[The task] Reproduce the listing in its entirety. Do not reproduce the pictures.

[Provided data]
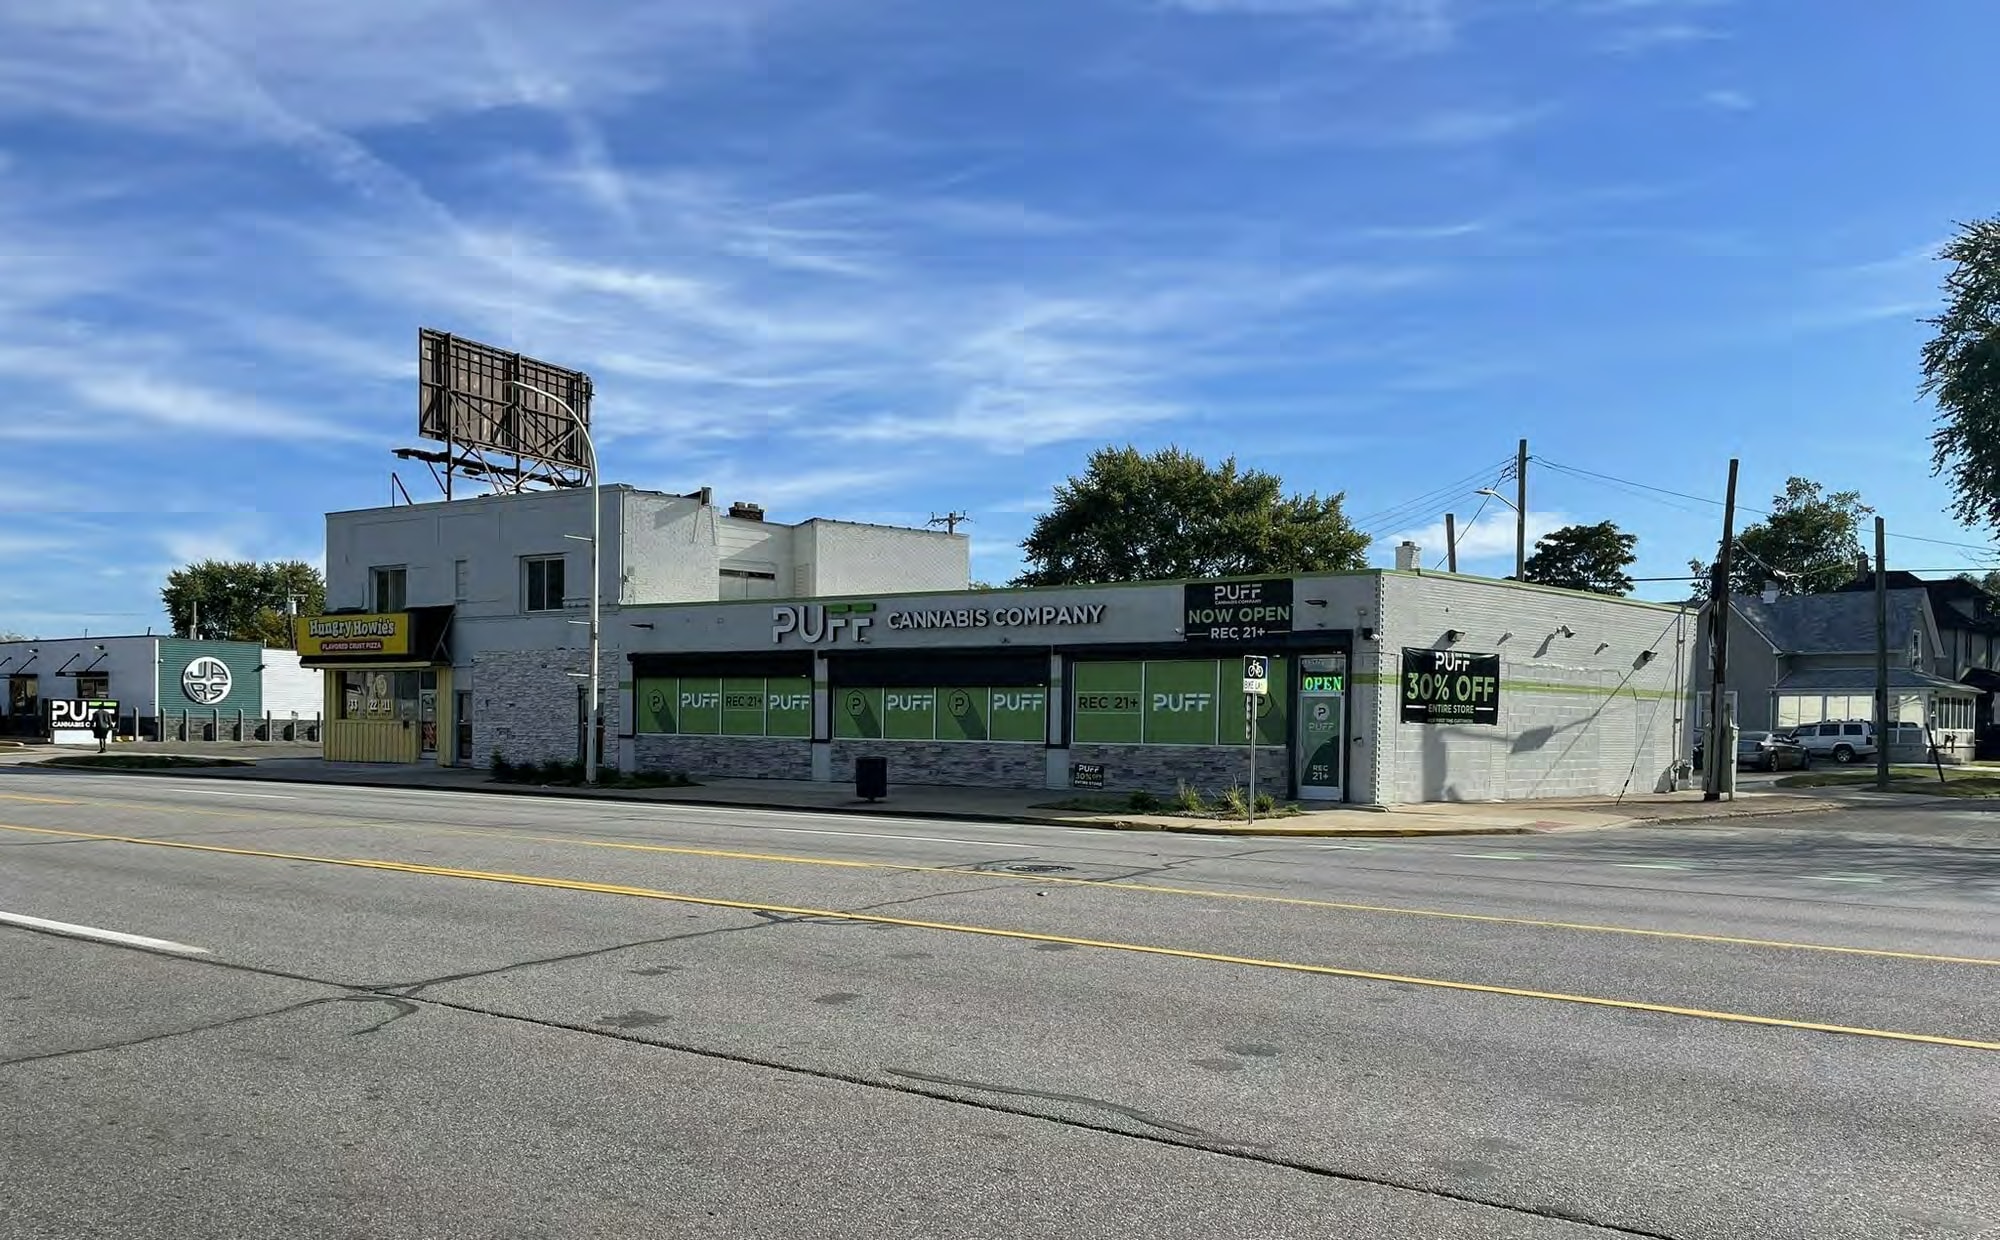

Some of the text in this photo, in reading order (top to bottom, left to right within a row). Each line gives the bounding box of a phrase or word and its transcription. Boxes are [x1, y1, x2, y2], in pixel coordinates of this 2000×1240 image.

[1214, 584, 1262, 600] PUFF
[1188, 606, 1290, 624] NOW OPEN
[309, 617, 397, 638] Hungry Howie's
[772, 603, 1106, 643] PUFF CANNABIS COMPANY
[1211, 626, 1266, 639] REC 21+
[321, 642, 349, 650] FLAVORED
[366, 641, 382, 649] PIZZA
[1435, 652, 1470, 672] PUFF
[1244, 680, 1254, 690] BIKE
[1304, 676, 1343, 691] OPEN
[1407, 672, 1495, 702] 30% OFF
[681, 693, 719, 709] PUFF
[726, 696, 763, 707] REC 21+
[770, 695, 811, 710] PUFF
[887, 694, 933, 711] PUFF
[993, 693, 1044, 711] PUFF
[1079, 696, 1138, 709] REC 21+
[1153, 693, 1211, 712] PUFF
[1428, 704, 1474, 714] ENTIRE STORE
[1308, 722, 1335, 730] PUFF
[1079, 764, 1100, 773] PUFF
[1312, 772, 1329, 780] 21+

[Response for this exercise]
Some of the text in this photo, in reading order (top to bottom, left to right within a row). Each line gives the bounding box of a phrase or word and its transcription. Boxes are [x1, y1, x2, y2], in pixel coordinates of this 2000×1240 image.

[1214, 584, 1262, 600] PUFF
[1188, 606, 1290, 624] NOW OPEN
[309, 617, 397, 638] Hungry Howie's
[772, 603, 1106, 643] PUFF CANNABIS COMPANY
[1211, 626, 1266, 639] REC 21+
[321, 642, 349, 650] FLAVORED
[366, 641, 382, 649] PIZZA
[1435, 652, 1470, 672] PUFF
[1244, 680, 1254, 690] BIKE
[1304, 676, 1343, 691] OPEN
[1407, 672, 1495, 702] 30% OFF
[681, 693, 719, 709] PUFF
[726, 696, 763, 707] REC 21+
[770, 695, 811, 710] PUFF
[887, 694, 933, 711] PUFF
[993, 693, 1044, 711] PUFF
[1079, 696, 1138, 709] REC 21+
[1153, 693, 1211, 712] PUFF
[1428, 704, 1474, 714] ENTIRE STORE
[1308, 722, 1335, 730] PUFF
[1079, 764, 1100, 773] PUFF
[1312, 772, 1329, 780] 21+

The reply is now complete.